* _PROBLEM DETAILS_: Repeat the records below exactly, leaving out any pictures.

--------------------------------

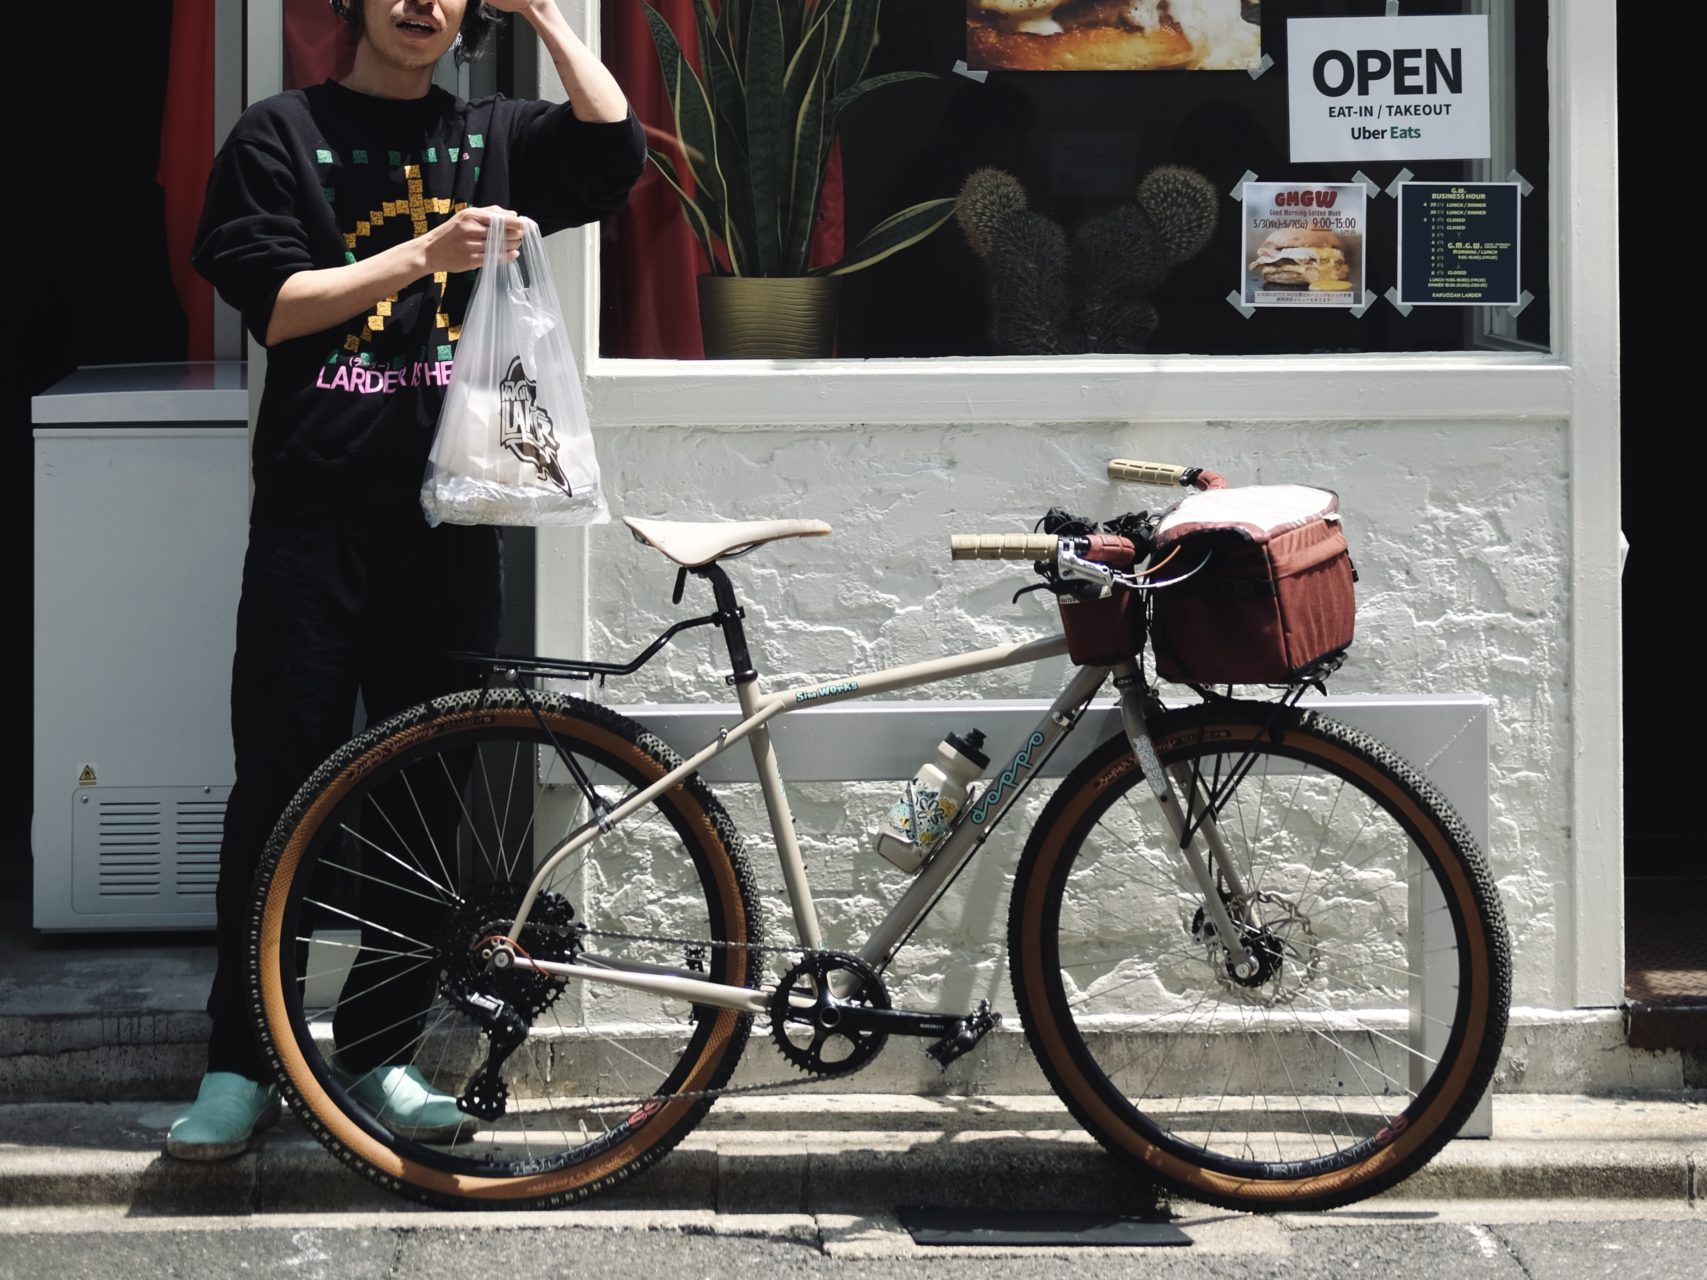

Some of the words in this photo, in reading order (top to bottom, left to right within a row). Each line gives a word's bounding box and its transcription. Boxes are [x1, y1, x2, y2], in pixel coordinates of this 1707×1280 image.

[1313, 48, 1462, 97] OPEN
[1328, 106, 1374, 118] EAT-IN
[1377, 104, 1383, 119] /
[1386, 104, 1452, 117] TAKEOUT
[1351, 126, 1387, 140] Uber
[1390, 126, 1421, 139] Eats
[1275, 191, 1338, 208] GMGW
[1269, 209, 1282, 217] Good
[1308, 209, 1326, 217] Golden
[424, 360, 455, 386] HE
[970, 731, 1045, 824] doppo
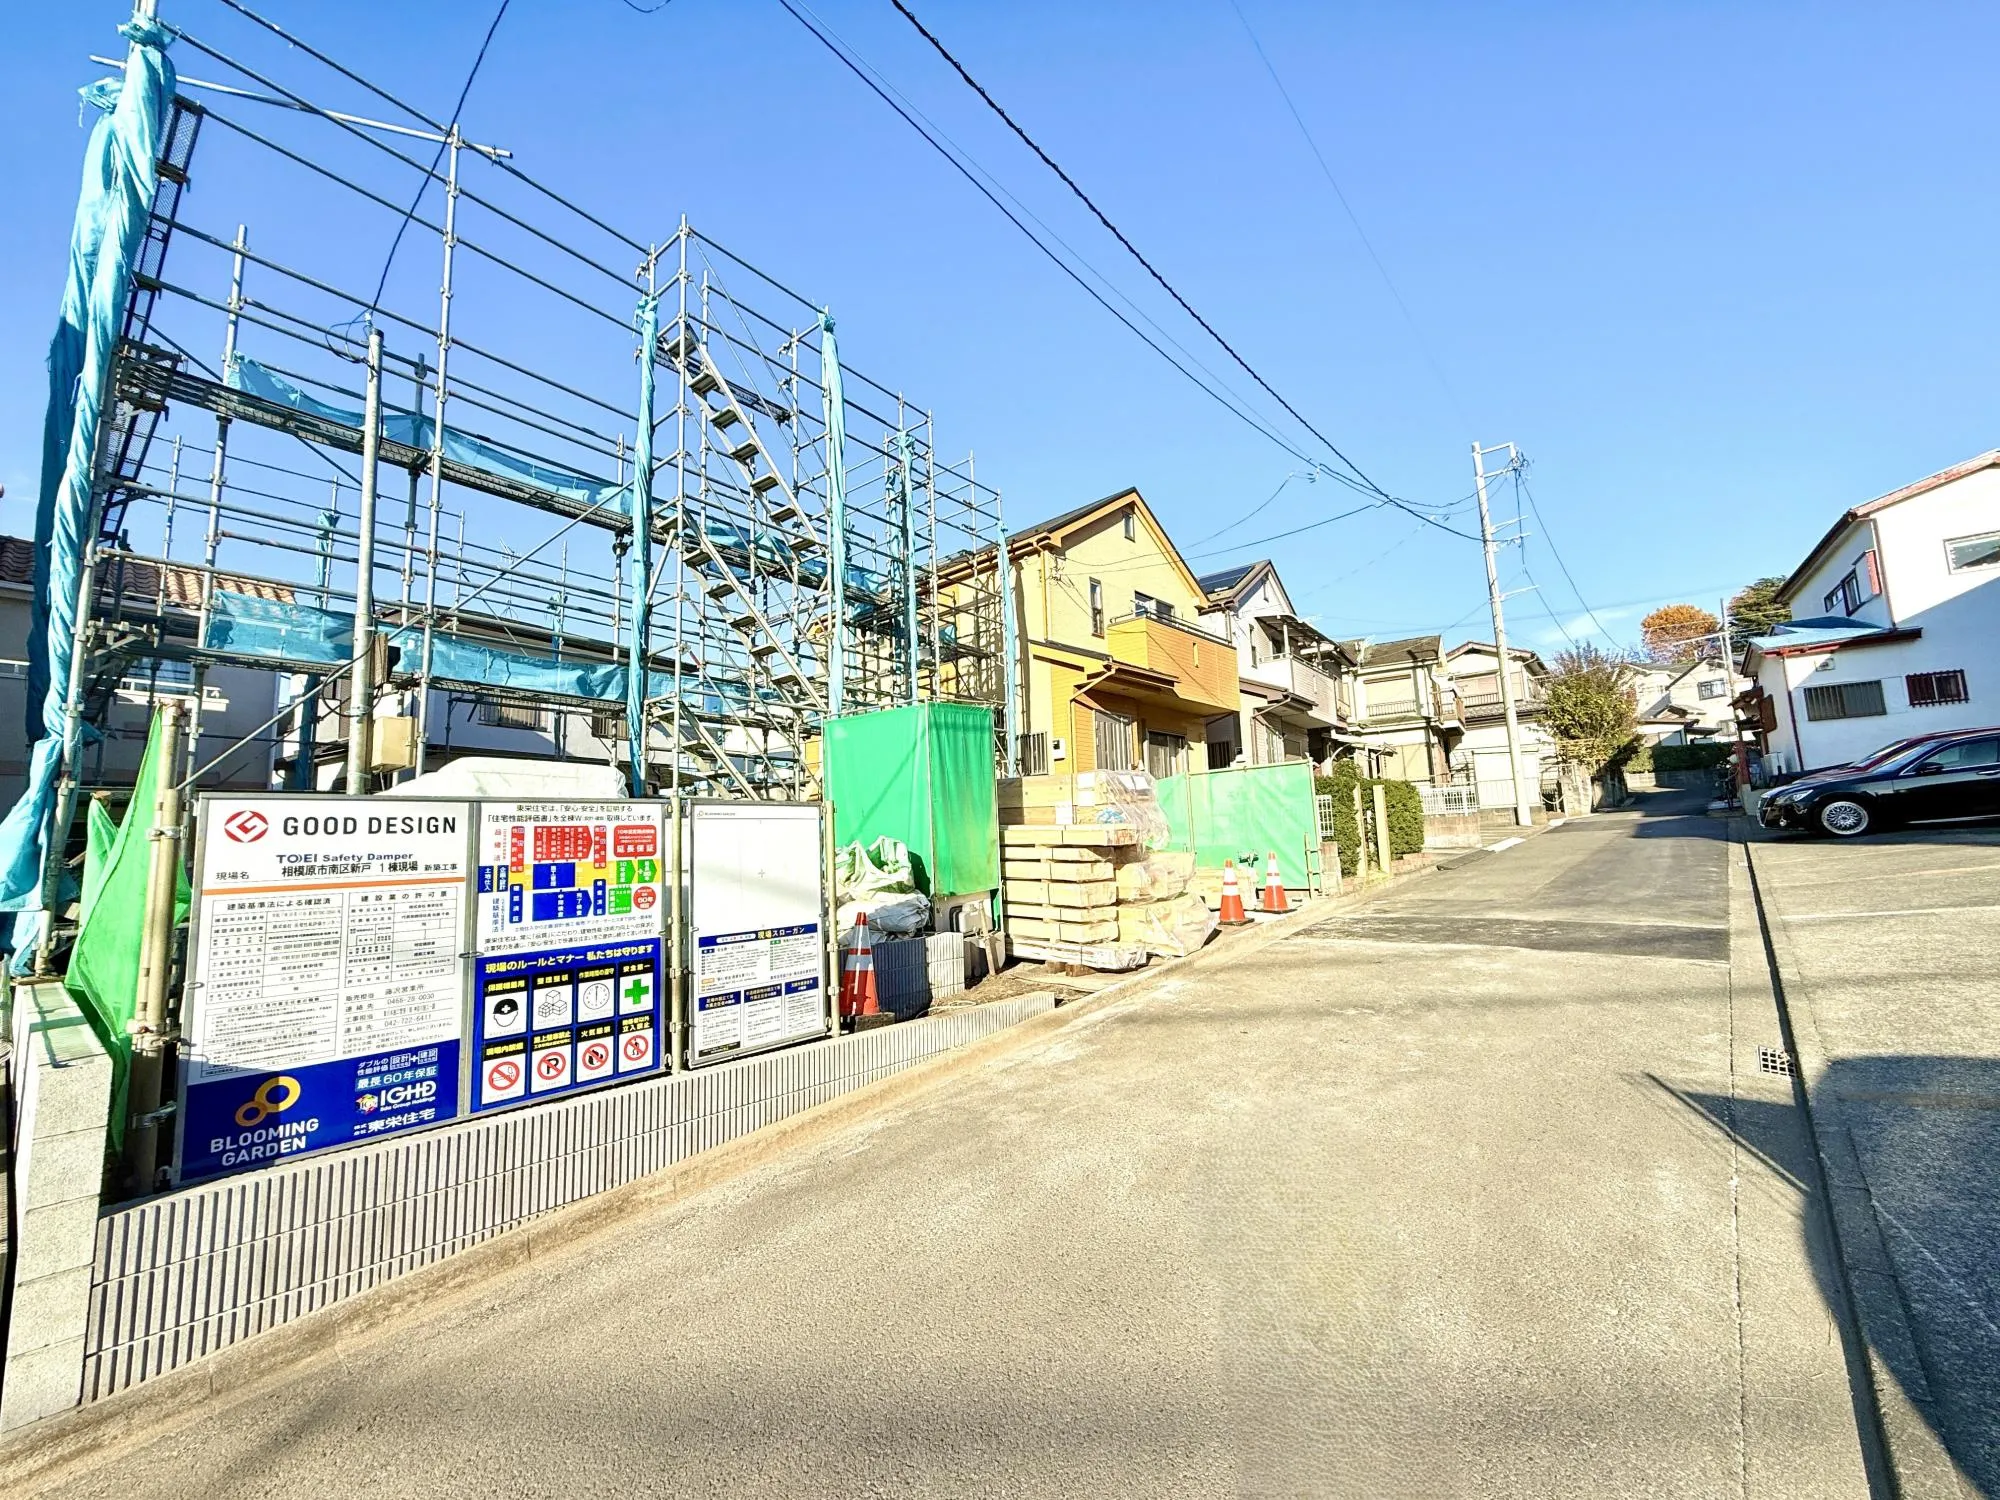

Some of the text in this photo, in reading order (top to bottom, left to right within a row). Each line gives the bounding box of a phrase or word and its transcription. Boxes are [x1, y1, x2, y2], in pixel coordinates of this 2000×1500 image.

[283, 816, 457, 836] GOOD DESIGN
[322, 854, 363, 863] Safety
[367, 853, 414, 862] Damper
[216, 871, 249, 880] 現場名
[281, 862, 372, 877] 相模原市南区新戸
[424, 863, 458, 871] 新築工事
[485, 944, 654, 974] 現場のルールとマナー 私たちは守ります
[358, 1057, 389, 1069] ダブルの
[367, 1107, 436, 1134] 東栄住宅
[210, 1117, 319, 1154] BLOOMING
[221, 1135, 307, 1167] GARDEN

--------------------------------

* _COMPLETED EXERCISE_:
Some of the words in this photo, in reading order (top to bottom, left to right within a row). Each line gives a word's bounding box and its transcription. Boxes are [x1, y1, x2, y2], in pixel coordinates of this 1707×1280 image.

[1313, 48, 1462, 97] OPEN
[1328, 106, 1374, 118] EAT-IN
[1377, 104, 1383, 119] /
[1386, 104, 1452, 117] TAKEOUT
[1351, 126, 1387, 140] Uber
[1390, 126, 1421, 139] Eats
[1275, 191, 1338, 208] GMGW
[1269, 209, 1282, 217] Good
[1308, 209, 1326, 217] Golden
[424, 360, 455, 386] HE
[970, 731, 1045, 824] doppo

Some of the text in this photo, in reading order (top to bottom, left to right within a row). Each line gives the bounding box of a phrase or word and its transcription. Boxes are [x1, y1, x2, y2], in pixel coordinates of this 2000×1500 image.

[283, 816, 457, 836] GOOD DESIGN
[322, 854, 363, 863] Safety
[367, 853, 414, 862] Damper
[216, 871, 249, 880] 現場名
[281, 862, 372, 877] 相模原市南区新戸
[424, 863, 458, 871] 新築工事
[485, 944, 654, 974] 現場のルールとマナー 私たちは守ります
[358, 1057, 389, 1069] ダブルの
[367, 1107, 436, 1134] 東栄住宅
[210, 1117, 319, 1154] BLOOMING
[221, 1135, 307, 1167] GARDEN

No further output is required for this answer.